WHAT YOU NEED TO DO
Copy the data from the line that contains "this 2000×1125 image." to its last line, exactly, including both of those lines and leaving out everything before.

((

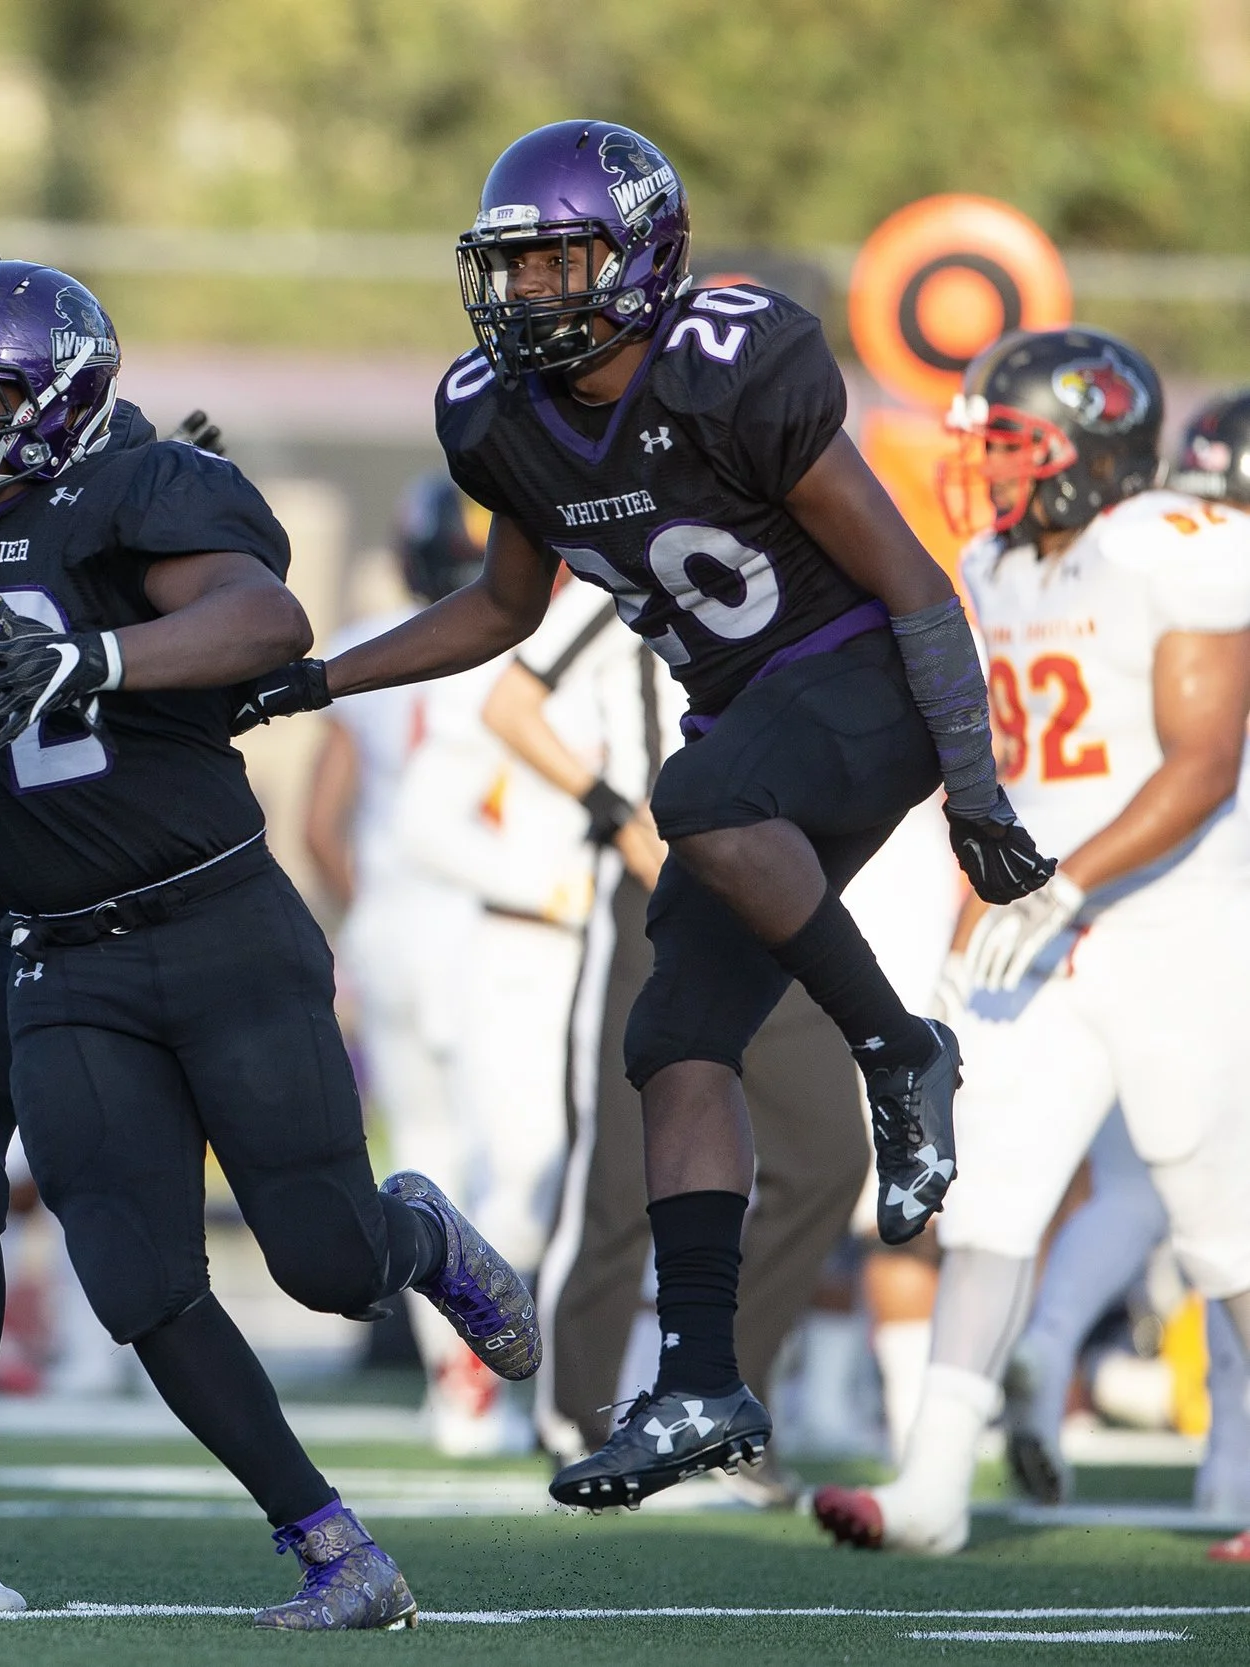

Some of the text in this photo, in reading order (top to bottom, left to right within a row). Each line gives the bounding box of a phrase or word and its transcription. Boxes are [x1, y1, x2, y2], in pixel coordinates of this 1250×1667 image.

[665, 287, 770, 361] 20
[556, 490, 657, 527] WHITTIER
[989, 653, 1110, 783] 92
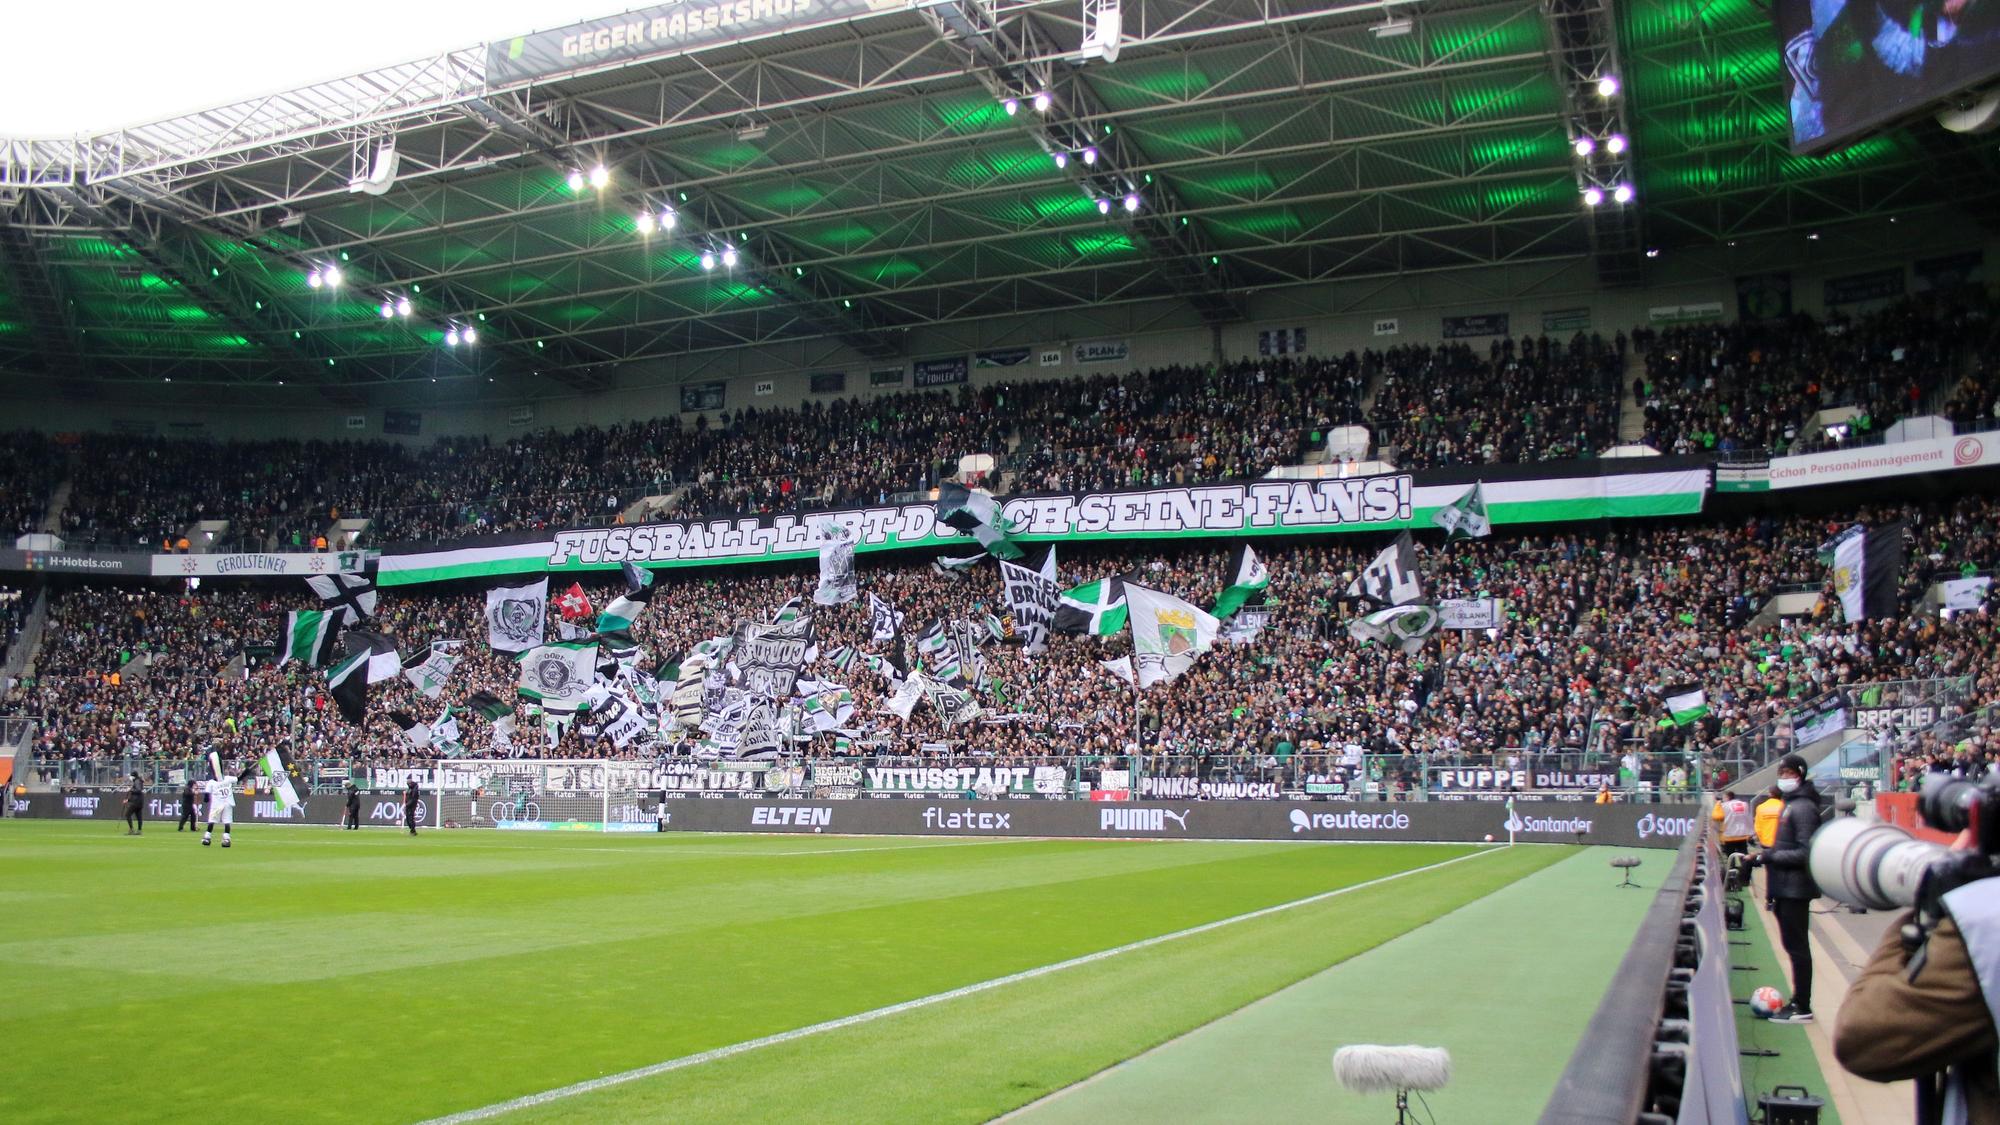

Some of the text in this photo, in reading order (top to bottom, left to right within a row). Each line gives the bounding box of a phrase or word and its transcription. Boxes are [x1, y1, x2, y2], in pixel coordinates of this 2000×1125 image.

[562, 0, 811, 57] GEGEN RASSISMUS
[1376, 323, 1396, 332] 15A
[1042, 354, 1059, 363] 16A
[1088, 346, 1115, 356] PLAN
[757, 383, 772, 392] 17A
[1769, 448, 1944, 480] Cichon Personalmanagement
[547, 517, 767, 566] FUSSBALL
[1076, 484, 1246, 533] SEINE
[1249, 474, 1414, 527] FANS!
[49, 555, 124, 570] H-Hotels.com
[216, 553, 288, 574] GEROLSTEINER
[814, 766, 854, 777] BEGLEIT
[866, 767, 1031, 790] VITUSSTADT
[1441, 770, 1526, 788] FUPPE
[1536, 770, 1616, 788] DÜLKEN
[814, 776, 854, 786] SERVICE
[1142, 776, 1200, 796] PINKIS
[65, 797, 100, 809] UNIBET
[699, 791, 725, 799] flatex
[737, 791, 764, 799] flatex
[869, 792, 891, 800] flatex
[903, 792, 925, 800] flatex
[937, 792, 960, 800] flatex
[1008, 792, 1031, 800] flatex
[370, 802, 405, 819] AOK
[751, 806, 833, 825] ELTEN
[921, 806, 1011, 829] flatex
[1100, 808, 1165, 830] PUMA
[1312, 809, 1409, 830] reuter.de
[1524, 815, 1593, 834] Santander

))

EXERCISE RESULT
Some of the text in this photo, in reading order (top to bottom, left to right within a row). Each line gives the bounding box of a phrase or word and its transcription. Boxes are [x1, y1, x2, y2], in pixel coordinates of this 2000×1125 image.

[562, 0, 811, 57] GEGEN RASSISMUS
[1376, 323, 1396, 332] 15A
[1042, 354, 1059, 363] 16A
[1088, 346, 1115, 356] PLAN
[757, 383, 772, 392] 17A
[1769, 448, 1944, 480] Cichon Personalmanagement
[547, 517, 767, 566] FUSSBALL
[1076, 484, 1246, 533] SEINE
[1249, 474, 1414, 527] FANS!
[49, 555, 124, 570] H-Hotels.com
[216, 553, 288, 574] GEROLSTEINER
[814, 766, 854, 777] BEGLEIT
[866, 767, 1031, 790] VITUSSTADT
[1441, 770, 1526, 788] FUPPE
[1536, 770, 1616, 788] DÜLKEN
[814, 776, 854, 786] SERVICE
[1142, 776, 1200, 796] PINKIS
[65, 797, 100, 809] UNIBET
[699, 791, 725, 799] flatex
[737, 791, 764, 799] flatex
[869, 792, 891, 800] flatex
[903, 792, 925, 800] flatex
[937, 792, 960, 800] flatex
[1008, 792, 1031, 800] flatex
[370, 802, 405, 819] AOK
[751, 806, 833, 825] ELTEN
[921, 806, 1011, 829] flatex
[1100, 808, 1165, 830] PUMA
[1312, 809, 1409, 830] reuter.de
[1524, 815, 1593, 834] Santander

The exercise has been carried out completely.